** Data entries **
--------------------------------------------------

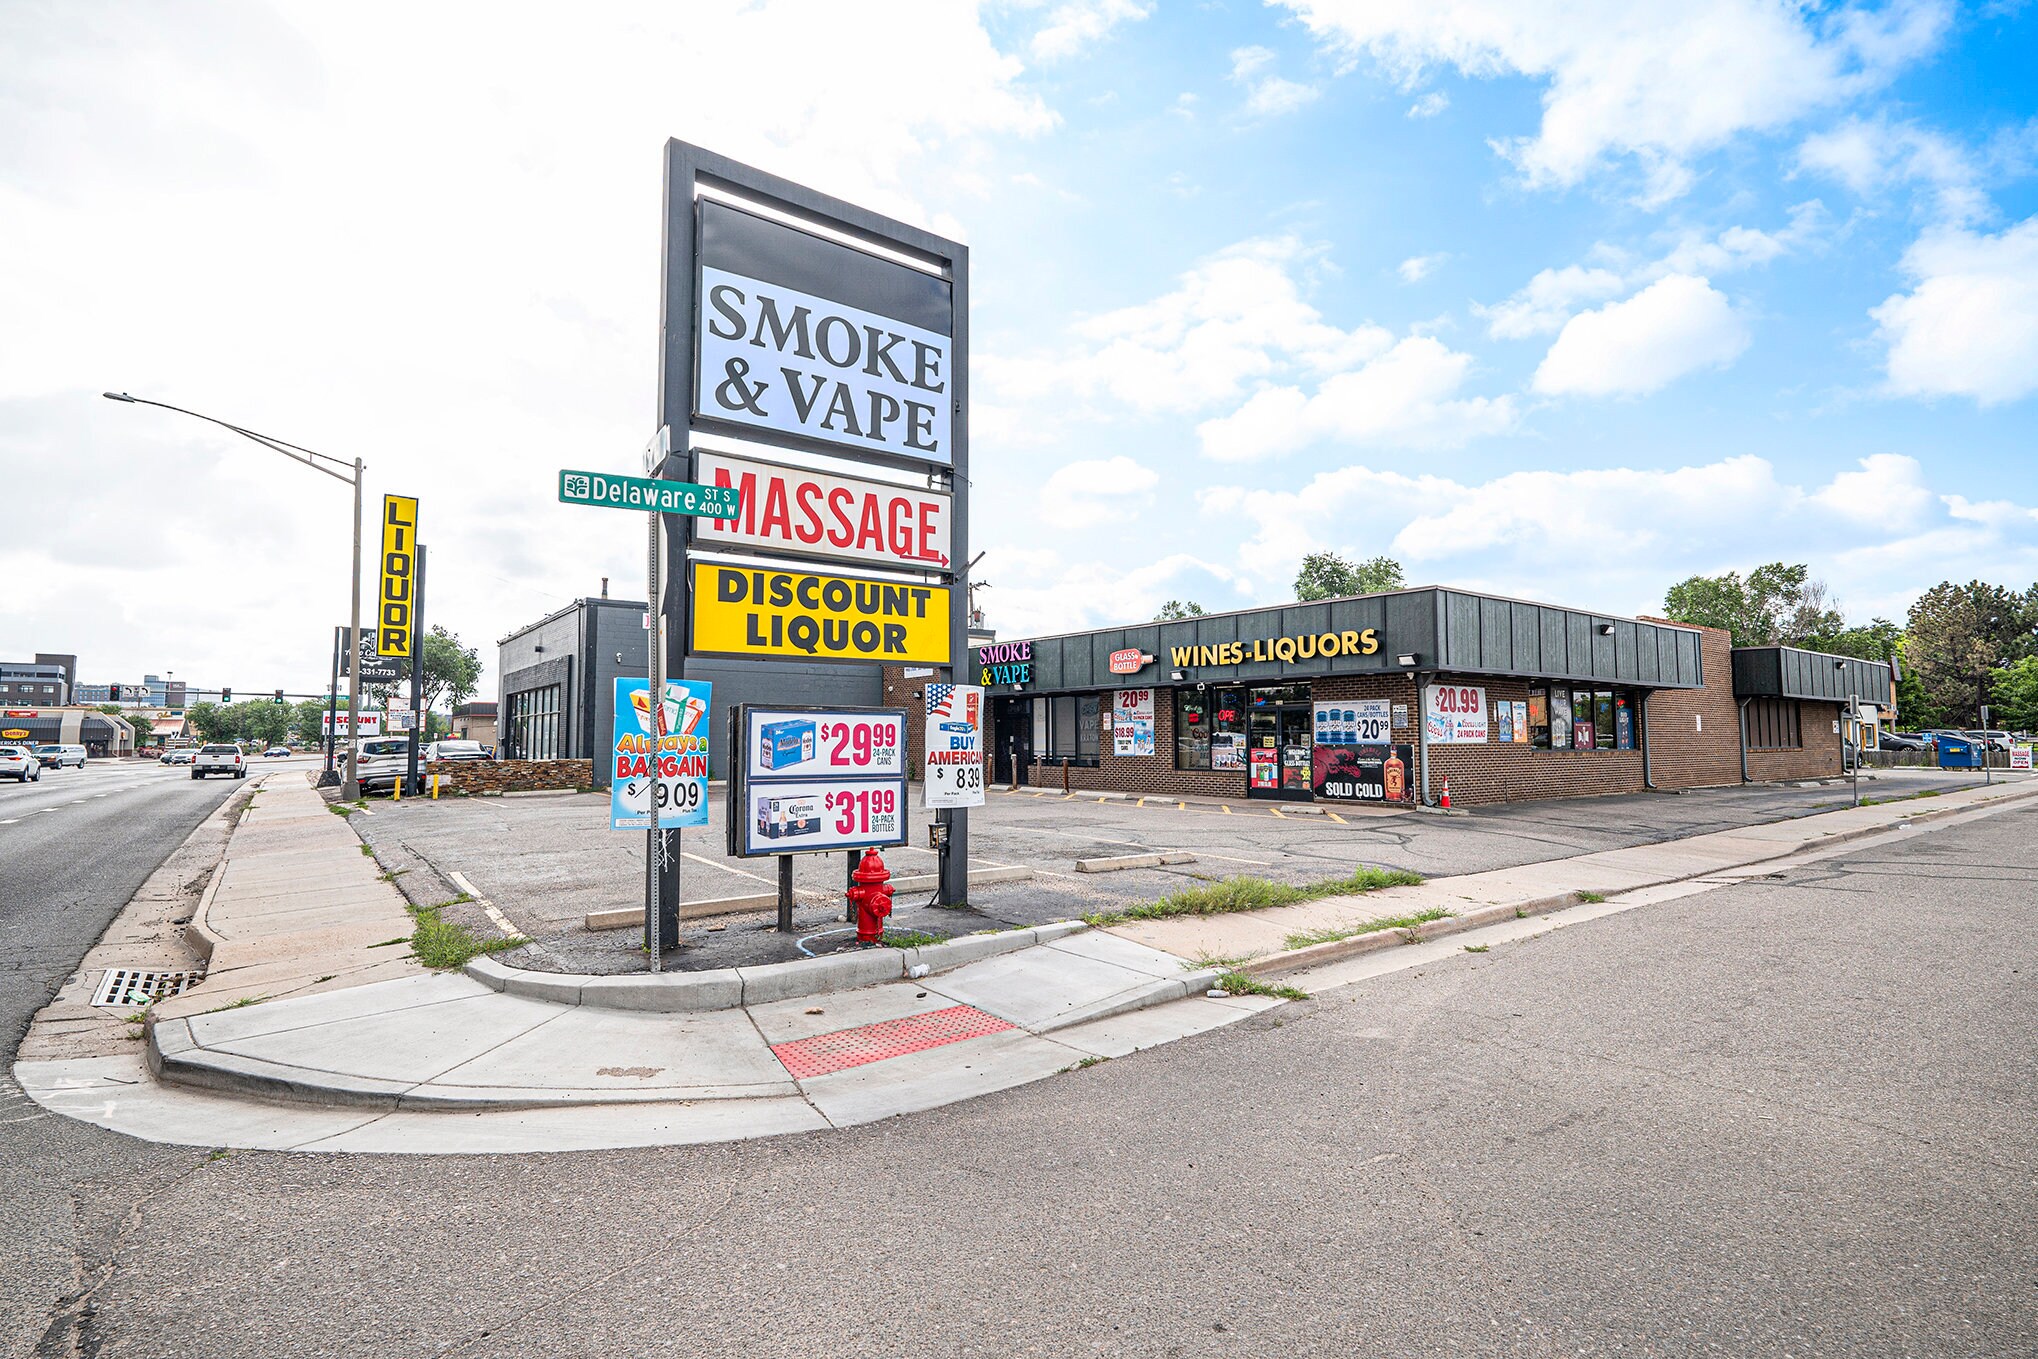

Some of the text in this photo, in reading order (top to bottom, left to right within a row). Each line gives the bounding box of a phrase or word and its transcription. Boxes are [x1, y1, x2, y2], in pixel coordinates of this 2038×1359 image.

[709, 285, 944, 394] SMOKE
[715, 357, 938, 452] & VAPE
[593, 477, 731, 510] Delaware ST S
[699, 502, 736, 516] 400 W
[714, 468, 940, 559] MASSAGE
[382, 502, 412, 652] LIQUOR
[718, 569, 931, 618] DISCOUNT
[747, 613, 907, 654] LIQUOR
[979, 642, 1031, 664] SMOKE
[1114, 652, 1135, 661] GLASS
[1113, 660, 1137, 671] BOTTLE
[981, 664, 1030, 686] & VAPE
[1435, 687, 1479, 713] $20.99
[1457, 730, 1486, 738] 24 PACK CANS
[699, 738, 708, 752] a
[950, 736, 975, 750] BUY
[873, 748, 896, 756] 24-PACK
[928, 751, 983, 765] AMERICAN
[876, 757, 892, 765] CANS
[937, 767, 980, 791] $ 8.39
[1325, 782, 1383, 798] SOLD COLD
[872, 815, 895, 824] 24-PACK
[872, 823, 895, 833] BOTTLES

--------------------------------------------------

Output all the records above exactly, but without their images.

Some of the text in this photo, in reading order (top to bottom, left to right within a row). Each line gives the bounding box of a phrase or word and its transcription. Boxes are [x1, y1, x2, y2], in pixel coordinates of this 2038×1359 image.

[709, 285, 944, 394] SMOKE
[715, 357, 938, 452] & VAPE
[593, 477, 731, 510] Delaware ST S
[699, 502, 736, 516] 400 W
[714, 468, 940, 559] MASSAGE
[382, 502, 412, 652] LIQUOR
[718, 569, 931, 618] DISCOUNT
[747, 613, 907, 654] LIQUOR
[979, 642, 1031, 664] SMOKE
[1114, 652, 1135, 661] GLASS
[1113, 660, 1137, 671] BOTTLE
[981, 664, 1030, 686] & VAPE
[1435, 687, 1479, 713] $20.99
[1457, 730, 1486, 738] 24 PACK CANS
[699, 738, 708, 752] a
[950, 736, 975, 750] BUY
[873, 748, 896, 756] 24-PACK
[928, 751, 983, 765] AMERICAN
[876, 757, 892, 765] CANS
[937, 767, 980, 791] $ 8.39
[1325, 782, 1383, 798] SOLD COLD
[872, 815, 895, 824] 24-PACK
[872, 823, 895, 833] BOTTLES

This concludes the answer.